Study material:
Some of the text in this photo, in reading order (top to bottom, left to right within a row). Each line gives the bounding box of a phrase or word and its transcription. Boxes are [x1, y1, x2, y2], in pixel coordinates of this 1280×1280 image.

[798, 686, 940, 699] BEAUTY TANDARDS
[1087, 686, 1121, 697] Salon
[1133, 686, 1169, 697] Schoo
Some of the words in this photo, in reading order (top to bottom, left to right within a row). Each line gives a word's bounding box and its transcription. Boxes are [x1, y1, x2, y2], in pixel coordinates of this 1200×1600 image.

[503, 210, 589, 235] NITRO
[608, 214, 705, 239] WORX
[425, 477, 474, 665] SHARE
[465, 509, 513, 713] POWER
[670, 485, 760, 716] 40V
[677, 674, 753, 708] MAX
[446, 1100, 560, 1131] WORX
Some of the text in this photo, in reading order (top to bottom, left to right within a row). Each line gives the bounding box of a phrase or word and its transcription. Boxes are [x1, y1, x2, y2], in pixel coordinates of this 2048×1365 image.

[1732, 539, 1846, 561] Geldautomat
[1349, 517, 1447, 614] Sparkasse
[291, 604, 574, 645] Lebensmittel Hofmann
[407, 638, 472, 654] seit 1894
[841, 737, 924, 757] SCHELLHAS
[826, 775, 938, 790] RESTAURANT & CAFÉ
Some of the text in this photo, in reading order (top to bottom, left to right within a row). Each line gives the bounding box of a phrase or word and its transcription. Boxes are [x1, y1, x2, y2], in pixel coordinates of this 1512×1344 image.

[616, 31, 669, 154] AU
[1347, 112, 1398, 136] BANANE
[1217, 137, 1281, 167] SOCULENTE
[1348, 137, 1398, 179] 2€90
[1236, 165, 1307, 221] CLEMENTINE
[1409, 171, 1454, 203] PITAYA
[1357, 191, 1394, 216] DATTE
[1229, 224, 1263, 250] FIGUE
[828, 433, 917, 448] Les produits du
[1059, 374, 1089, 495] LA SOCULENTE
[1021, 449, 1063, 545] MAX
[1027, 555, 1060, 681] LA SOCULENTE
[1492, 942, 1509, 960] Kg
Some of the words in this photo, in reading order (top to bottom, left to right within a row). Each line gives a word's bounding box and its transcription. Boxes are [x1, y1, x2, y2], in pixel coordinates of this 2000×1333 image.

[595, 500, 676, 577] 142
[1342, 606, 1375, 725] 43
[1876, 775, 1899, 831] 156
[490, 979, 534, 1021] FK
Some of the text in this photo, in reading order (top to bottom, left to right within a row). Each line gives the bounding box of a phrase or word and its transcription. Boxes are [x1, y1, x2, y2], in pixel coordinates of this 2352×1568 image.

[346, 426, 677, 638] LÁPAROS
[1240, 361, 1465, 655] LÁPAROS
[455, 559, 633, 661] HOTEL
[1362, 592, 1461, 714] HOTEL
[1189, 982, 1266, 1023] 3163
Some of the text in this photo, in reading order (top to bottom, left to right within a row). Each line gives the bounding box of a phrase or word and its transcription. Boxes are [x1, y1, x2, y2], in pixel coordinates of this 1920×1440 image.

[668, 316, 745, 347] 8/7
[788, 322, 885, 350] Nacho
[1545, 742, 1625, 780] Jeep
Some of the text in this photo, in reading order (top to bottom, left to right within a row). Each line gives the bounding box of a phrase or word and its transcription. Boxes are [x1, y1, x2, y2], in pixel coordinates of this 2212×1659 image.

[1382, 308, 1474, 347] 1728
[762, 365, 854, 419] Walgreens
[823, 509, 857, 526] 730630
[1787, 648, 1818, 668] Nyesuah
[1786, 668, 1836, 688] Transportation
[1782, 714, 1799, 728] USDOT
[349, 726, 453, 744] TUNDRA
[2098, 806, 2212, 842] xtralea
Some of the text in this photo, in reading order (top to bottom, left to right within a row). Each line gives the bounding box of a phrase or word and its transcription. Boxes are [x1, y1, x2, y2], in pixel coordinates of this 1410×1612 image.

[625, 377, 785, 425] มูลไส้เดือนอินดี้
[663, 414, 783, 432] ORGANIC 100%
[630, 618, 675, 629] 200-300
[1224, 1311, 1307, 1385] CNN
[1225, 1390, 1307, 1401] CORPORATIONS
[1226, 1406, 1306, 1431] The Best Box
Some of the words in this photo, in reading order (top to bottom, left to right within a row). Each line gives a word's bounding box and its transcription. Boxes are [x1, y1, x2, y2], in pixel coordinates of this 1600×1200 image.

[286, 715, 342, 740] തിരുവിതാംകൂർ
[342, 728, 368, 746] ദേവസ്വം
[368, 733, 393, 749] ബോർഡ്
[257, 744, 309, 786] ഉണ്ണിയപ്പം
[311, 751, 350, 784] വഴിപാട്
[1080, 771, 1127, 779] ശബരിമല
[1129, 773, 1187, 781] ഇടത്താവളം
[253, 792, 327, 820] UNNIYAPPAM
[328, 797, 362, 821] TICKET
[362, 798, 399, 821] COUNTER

Exercise requirements: Copy every entry exactly, leaving nothing out.

Response to the exercise:
Some of the text in this photo, in reading order (top to bottom, left to right within a row). Each line gives the bounding box of a phrase or word and its transcription. Boxes are [x1, y1, x2, y2], in pixel coordinates of this 1280×1280 image.

[798, 686, 940, 699] BEAUTY TANDARDS
[1087, 686, 1121, 697] Salon
[1133, 686, 1169, 697] Schoo
Some of the words in this photo, in reading order (top to bottom, left to right within a row). Each line gives a word's bounding box and its transcription. Boxes are [x1, y1, x2, y2], in pixel coordinates of this 1200×1600 image.

[503, 210, 589, 235] NITRO
[608, 214, 705, 239] WORX
[425, 477, 474, 665] SHARE
[465, 509, 513, 713] POWER
[670, 485, 760, 716] 40V
[677, 674, 753, 708] MAX
[446, 1100, 560, 1131] WORX
Some of the text in this photo, in reading order (top to bottom, left to right within a row). Each line gives the bounding box of a phrase or word and its transcription. Boxes are [x1, y1, x2, y2], in pixel coordinates of this 2048×1365 image.

[1732, 539, 1846, 561] Geldautomat
[1349, 517, 1447, 614] Sparkasse
[291, 604, 574, 645] Lebensmittel Hofmann
[407, 638, 472, 654] seit 1894
[841, 737, 924, 757] SCHELLHAS
[826, 775, 938, 790] RESTAURANT & CAFÉ
Some of the text in this photo, in reading order (top to bottom, left to right within a row). Each line gives the bounding box of a phrase or word and its transcription. Boxes are [x1, y1, x2, y2], in pixel coordinates of this 1512×1344 image.

[616, 31, 669, 154] AU
[1347, 112, 1398, 136] BANANE
[1217, 137, 1281, 167] SOCULENTE
[1348, 137, 1398, 179] 2€90
[1236, 165, 1307, 221] CLEMENTINE
[1409, 171, 1454, 203] PITAYA
[1357, 191, 1394, 216] DATTE
[1229, 224, 1263, 250] FIGUE
[828, 433, 917, 448] Les produits du
[1059, 374, 1089, 495] LA SOCULENTE
[1021, 449, 1063, 545] MAX
[1027, 555, 1060, 681] LA SOCULENTE
[1492, 942, 1509, 960] Kg
Some of the words in this photo, in reading order (top to bottom, left to right within a row). Each line gives a word's bounding box and its transcription. Boxes are [x1, y1, x2, y2], in pixel coordinates of this 2000×1333 image.

[595, 500, 676, 577] 142
[1342, 606, 1375, 725] 43
[1876, 775, 1899, 831] 156
[490, 979, 534, 1021] FK
Some of the text in this photo, in reading order (top to bottom, left to right within a row). Each line gives the bounding box of a phrase or word and its transcription. Boxes are [x1, y1, x2, y2], in pixel coordinates of this 2352×1568 image.

[346, 426, 677, 638] LÁPAROS
[1240, 361, 1465, 655] LÁPAROS
[455, 559, 633, 661] HOTEL
[1362, 592, 1461, 714] HOTEL
[1189, 982, 1266, 1023] 3163
Some of the text in this photo, in reading order (top to bottom, left to right within a row). Each line gives the bounding box of a phrase or word and its transcription. Boxes are [x1, y1, x2, y2], in pixel coordinates of this 1920×1440 image.

[668, 316, 745, 347] 8/7
[788, 322, 885, 350] Nacho
[1545, 742, 1625, 780] Jeep
Some of the text in this photo, in reading order (top to bottom, left to right within a row). Each line gives the bounding box of a phrase or word and its transcription. Boxes are [x1, y1, x2, y2], in pixel coordinates of this 2212×1659 image.

[1382, 308, 1474, 347] 1728
[762, 365, 854, 419] Walgreens
[823, 509, 857, 526] 730630
[1787, 648, 1818, 668] Nyesuah
[1786, 668, 1836, 688] Transportation
[1782, 714, 1799, 728] USDOT
[349, 726, 453, 744] TUNDRA
[2098, 806, 2212, 842] xtralea
Some of the text in this photo, in reading order (top to bottom, left to right within a row). Each line gives the bounding box of a phrase or word and its transcription. Boxes are [x1, y1, x2, y2], in pixel coordinates of this 1410×1612 image.

[625, 377, 785, 425] มูลไส้เดือนอินดี้
[663, 414, 783, 432] ORGANIC 100%
[630, 618, 675, 629] 200-300
[1224, 1311, 1307, 1385] CNN
[1225, 1390, 1307, 1401] CORPORATIONS
[1226, 1406, 1306, 1431] The Best Box
Some of the words in this photo, in reading order (top to bottom, left to right within a row). Each line gives a word's bounding box and its transcription. Boxes are [x1, y1, x2, y2], in pixel coordinates of this 1600×1200 image.

[286, 715, 342, 740] തിരുവിതാംകൂർ
[342, 728, 368, 746] ദേവസ്വം
[368, 733, 393, 749] ബോർഡ്
[257, 744, 309, 786] ഉണ്ണിയപ്പം
[311, 751, 350, 784] വഴിപാട്
[1080, 771, 1127, 779] ശബരിമല
[1129, 773, 1187, 781] ഇടത്താവളം
[253, 792, 327, 820] UNNIYAPPAM
[328, 797, 362, 821] TICKET
[362, 798, 399, 821] COUNTER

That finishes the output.